• [DATA TO USE]

═══

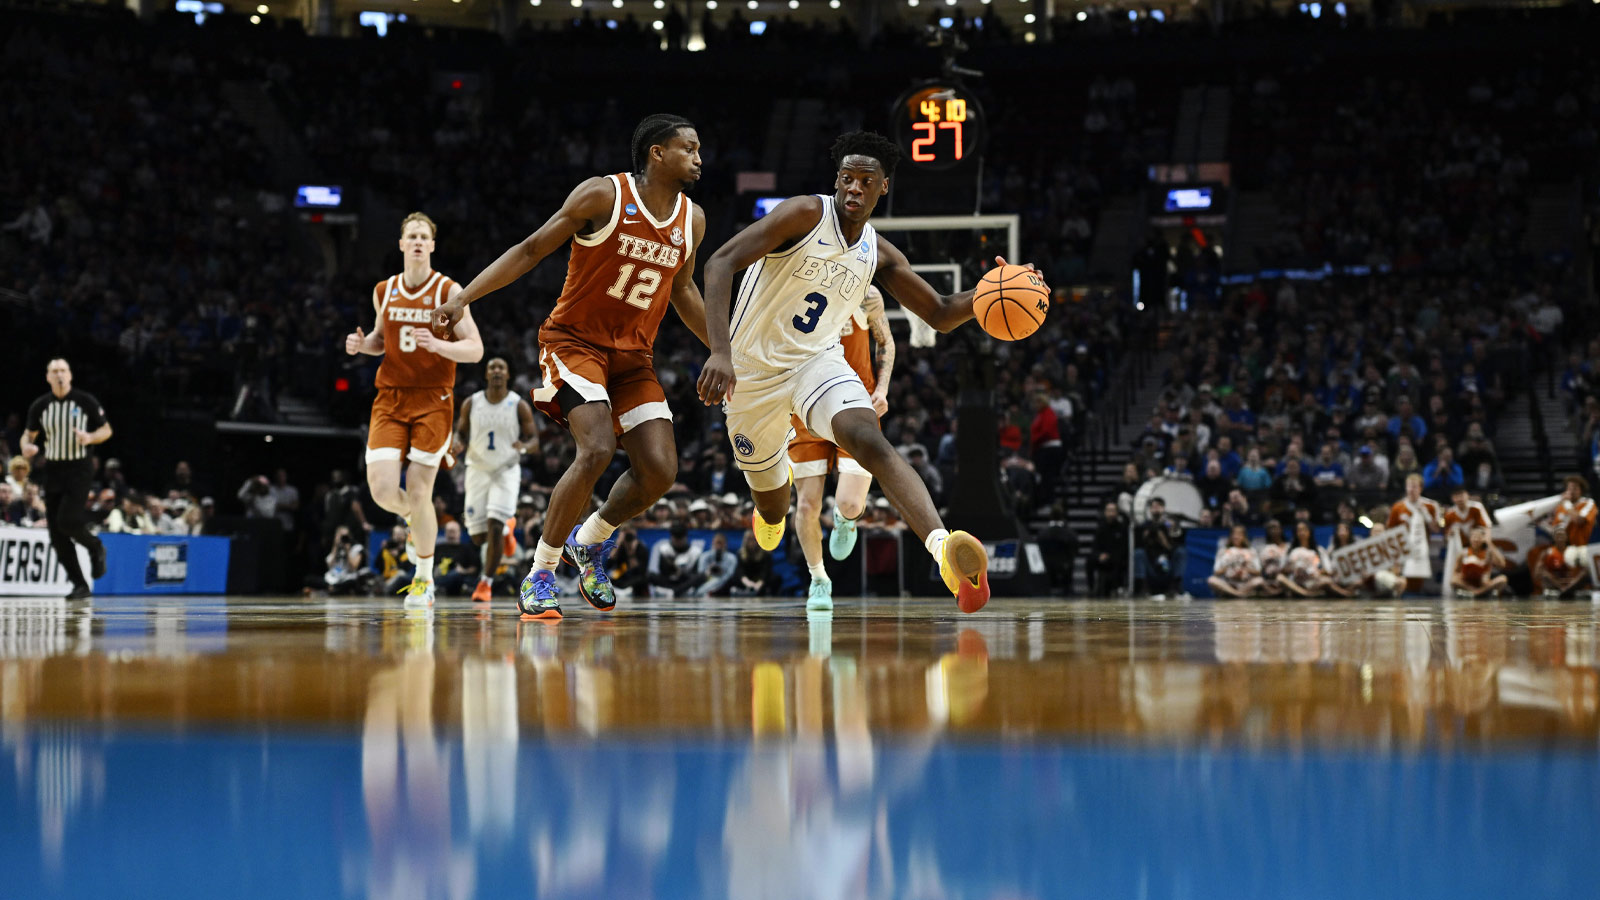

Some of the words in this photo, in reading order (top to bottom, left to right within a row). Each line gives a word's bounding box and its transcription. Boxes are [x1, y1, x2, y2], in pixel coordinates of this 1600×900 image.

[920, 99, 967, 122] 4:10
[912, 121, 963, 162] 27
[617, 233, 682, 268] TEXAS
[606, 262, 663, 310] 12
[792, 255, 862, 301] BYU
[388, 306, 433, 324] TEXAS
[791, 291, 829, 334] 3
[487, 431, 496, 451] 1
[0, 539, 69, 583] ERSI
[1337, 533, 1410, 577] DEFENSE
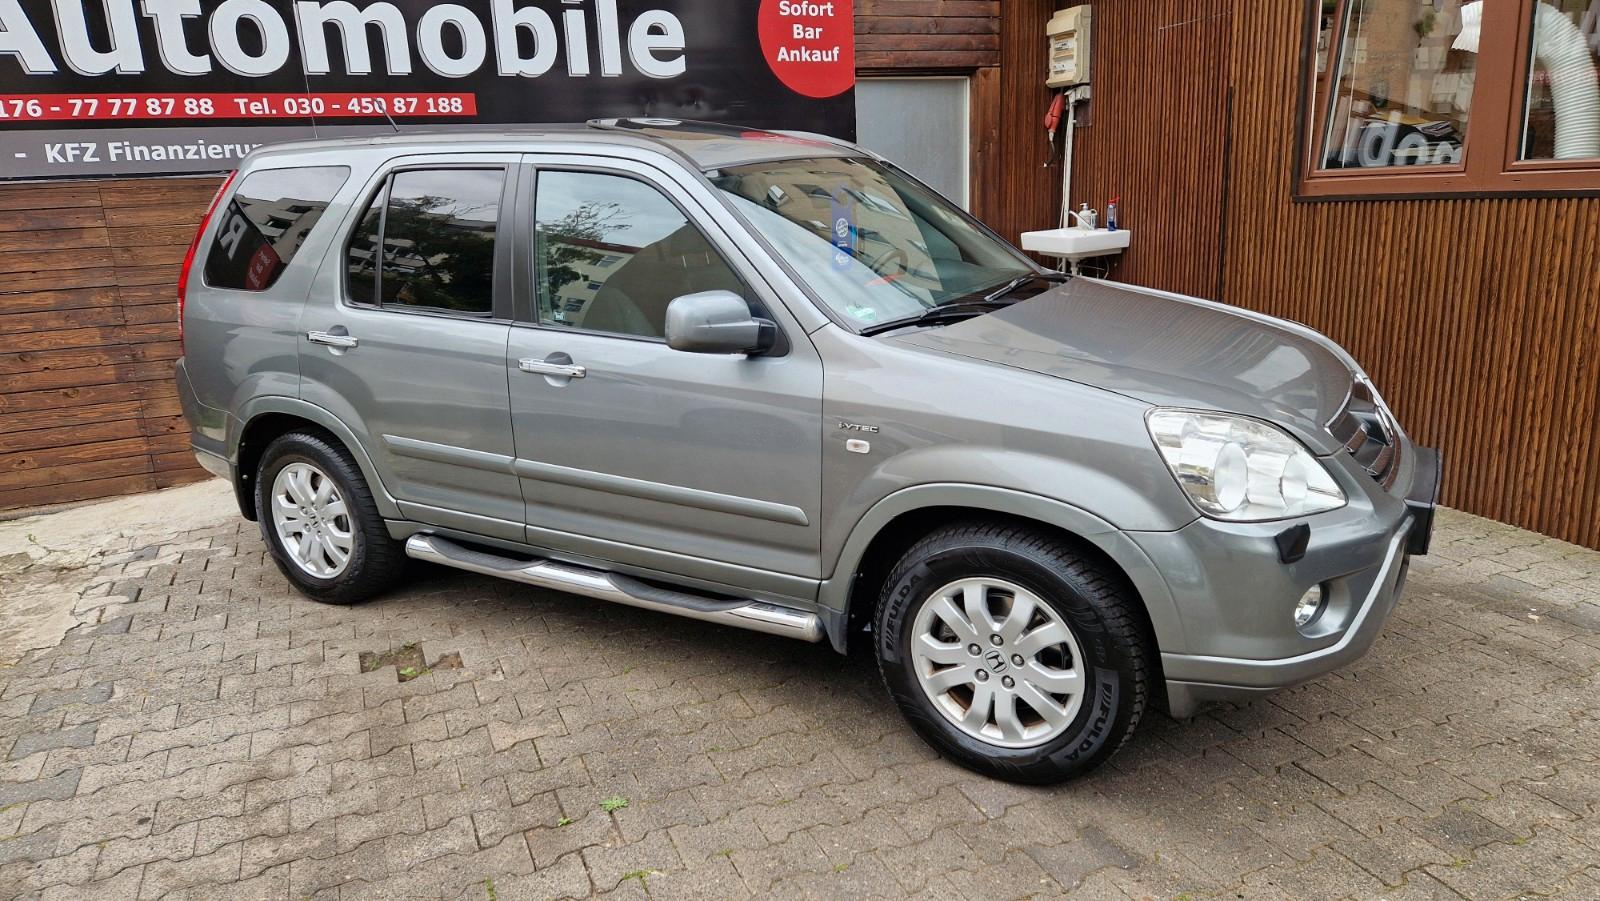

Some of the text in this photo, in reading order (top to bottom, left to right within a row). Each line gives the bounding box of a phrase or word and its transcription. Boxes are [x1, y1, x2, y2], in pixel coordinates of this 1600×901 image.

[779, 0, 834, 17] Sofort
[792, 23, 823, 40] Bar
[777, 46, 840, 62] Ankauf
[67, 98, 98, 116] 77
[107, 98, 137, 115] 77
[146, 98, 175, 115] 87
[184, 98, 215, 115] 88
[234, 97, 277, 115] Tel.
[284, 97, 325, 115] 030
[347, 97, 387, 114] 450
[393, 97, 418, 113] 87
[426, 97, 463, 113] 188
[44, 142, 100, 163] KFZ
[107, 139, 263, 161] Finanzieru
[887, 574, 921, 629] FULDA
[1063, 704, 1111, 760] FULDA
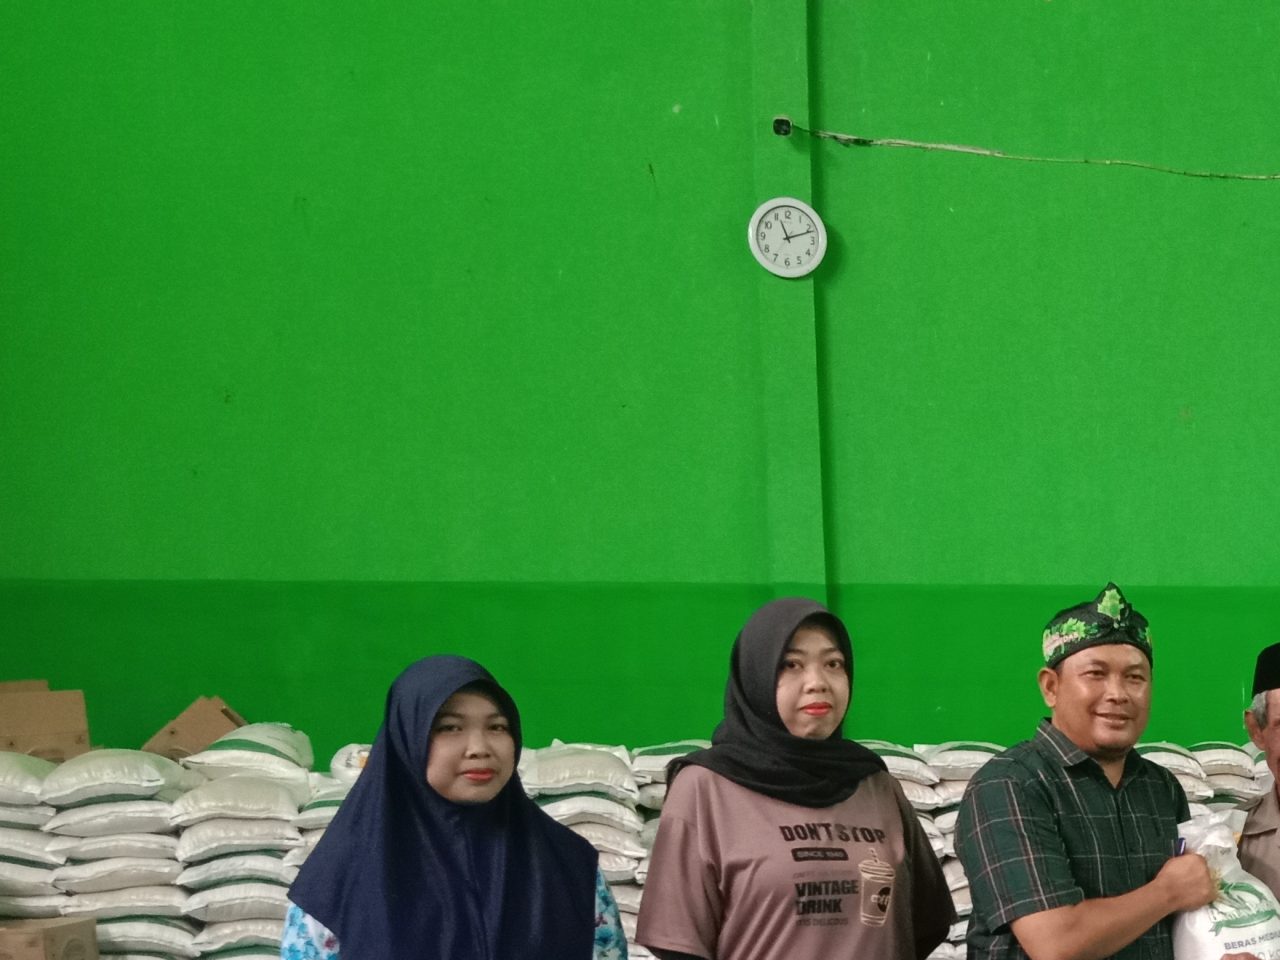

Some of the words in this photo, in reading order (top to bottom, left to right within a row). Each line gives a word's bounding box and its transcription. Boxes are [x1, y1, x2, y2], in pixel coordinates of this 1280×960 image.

═══

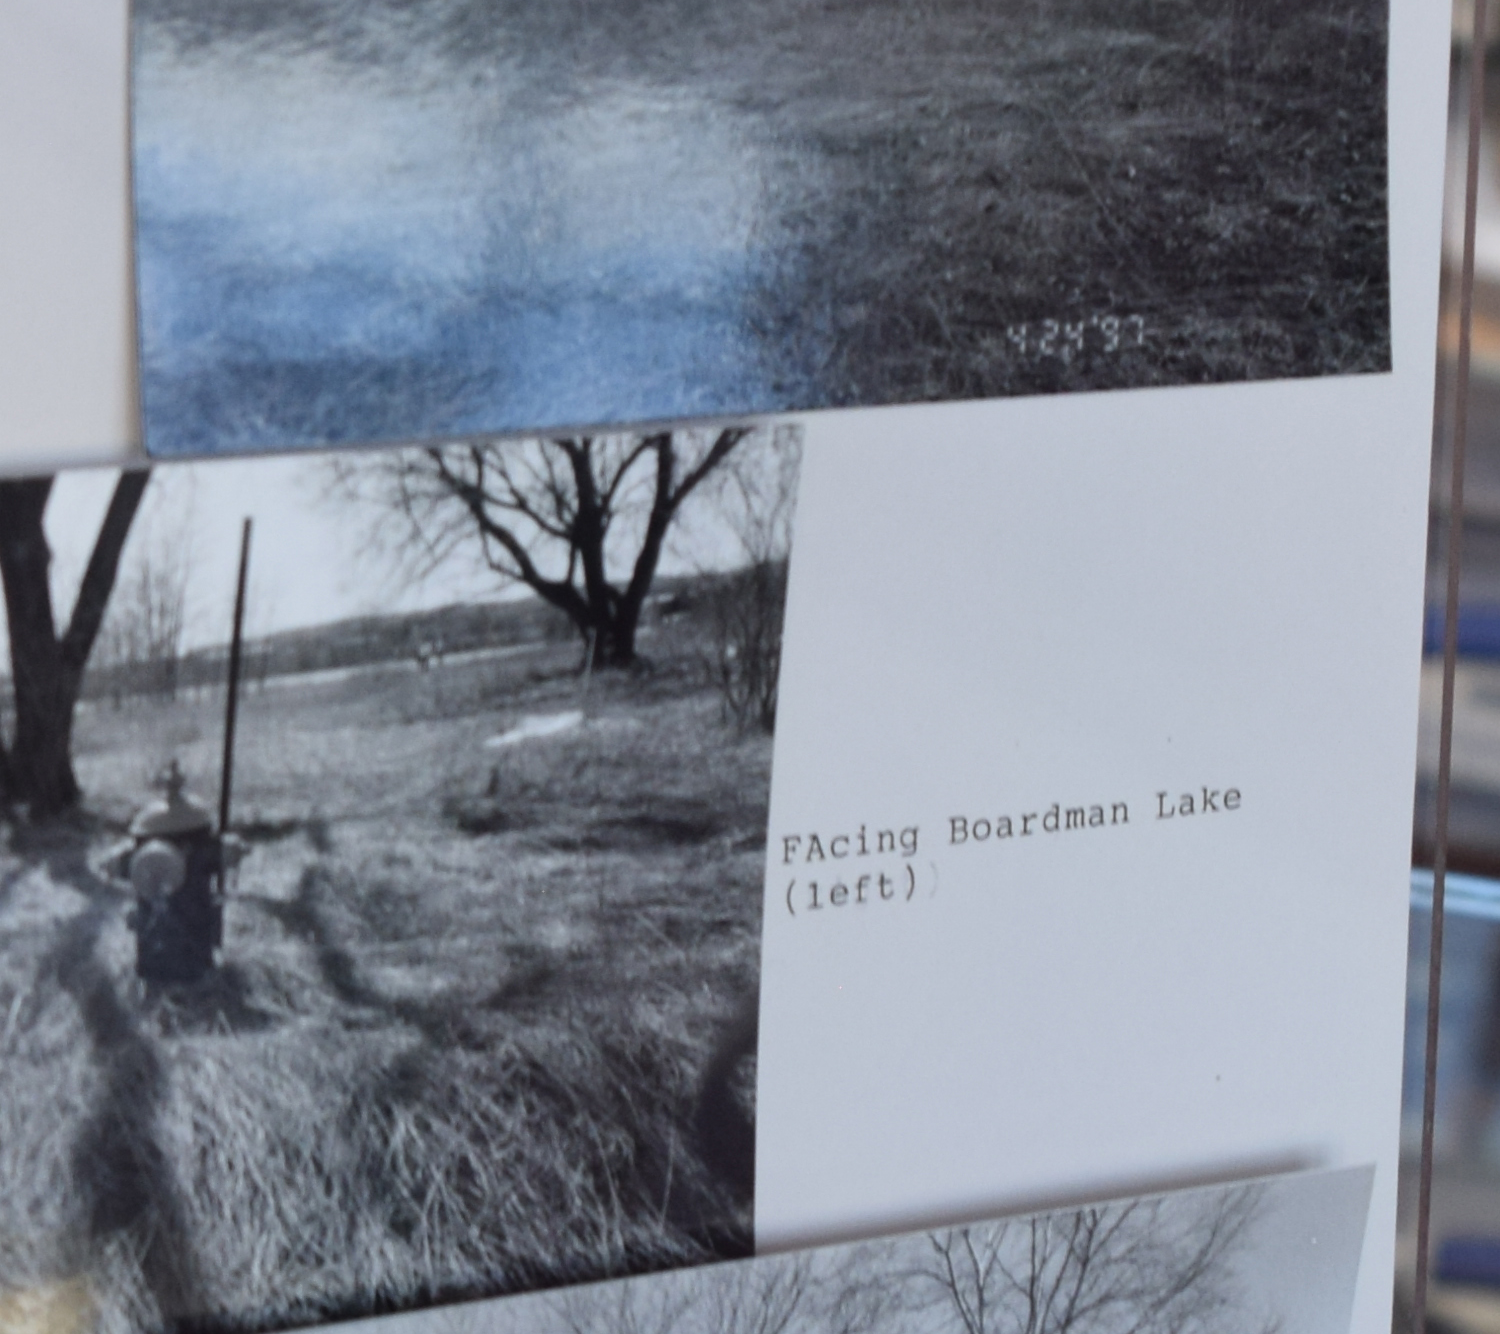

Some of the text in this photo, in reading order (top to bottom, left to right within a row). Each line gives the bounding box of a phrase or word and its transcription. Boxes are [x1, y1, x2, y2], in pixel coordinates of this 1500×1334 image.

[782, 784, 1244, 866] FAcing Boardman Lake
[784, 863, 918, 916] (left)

═══

• [HOW TO COMPLETE THIS TASK] Take the material above and output only the lines from the one that contains "this 1600×900 image." through the one that contains "this 1280×960 image.", ends included and images left out.

• [RESPONSE AREA]
Some of the words in this photo, in reading order (top to bottom, left to right within a row). Each line gives a word's bounding box and its transcription. Boxes are [x1, y1, x2, y2], in pixel coordinates of this 1600×900 image.

[920, 99, 967, 122] 4:10
[912, 121, 963, 162] 27
[617, 233, 682, 268] TEXAS
[606, 262, 663, 310] 12
[792, 255, 862, 301] BYU
[388, 306, 433, 324] TEXAS
[791, 291, 829, 334] 3
[487, 431, 496, 451] 1
[0, 539, 69, 583] ERSI
[1337, 533, 1410, 577] DEFENSE

Some of the text in this photo, in reading order (top to bottom, left to right within a row). Each line gives the bounding box of a phrase or word and its transcription. Boxes are [x1, y1, x2, y2], in pixel coordinates of this 1600×901 image.

[779, 0, 834, 17] Sofort
[792, 23, 823, 40] Bar
[777, 46, 840, 62] Ankauf
[67, 98, 98, 116] 77
[107, 98, 137, 115] 77
[146, 98, 175, 115] 87
[184, 98, 215, 115] 88
[234, 97, 277, 115] Tel.
[284, 97, 325, 115] 030
[347, 97, 387, 114] 450
[393, 97, 418, 113] 87
[426, 97, 463, 113] 188
[44, 142, 100, 163] KFZ
[107, 139, 263, 161] Finanzieru
[887, 574, 921, 629] FULDA
[1063, 704, 1111, 760] FULDA

Some of the words in this photo, in reading order (top to bottom, left to right within a row). Each line gives a word's bounding box and its transcription. Boxes are [x1, y1, x2, y2], in pixel coordinates of this 1280×960 image.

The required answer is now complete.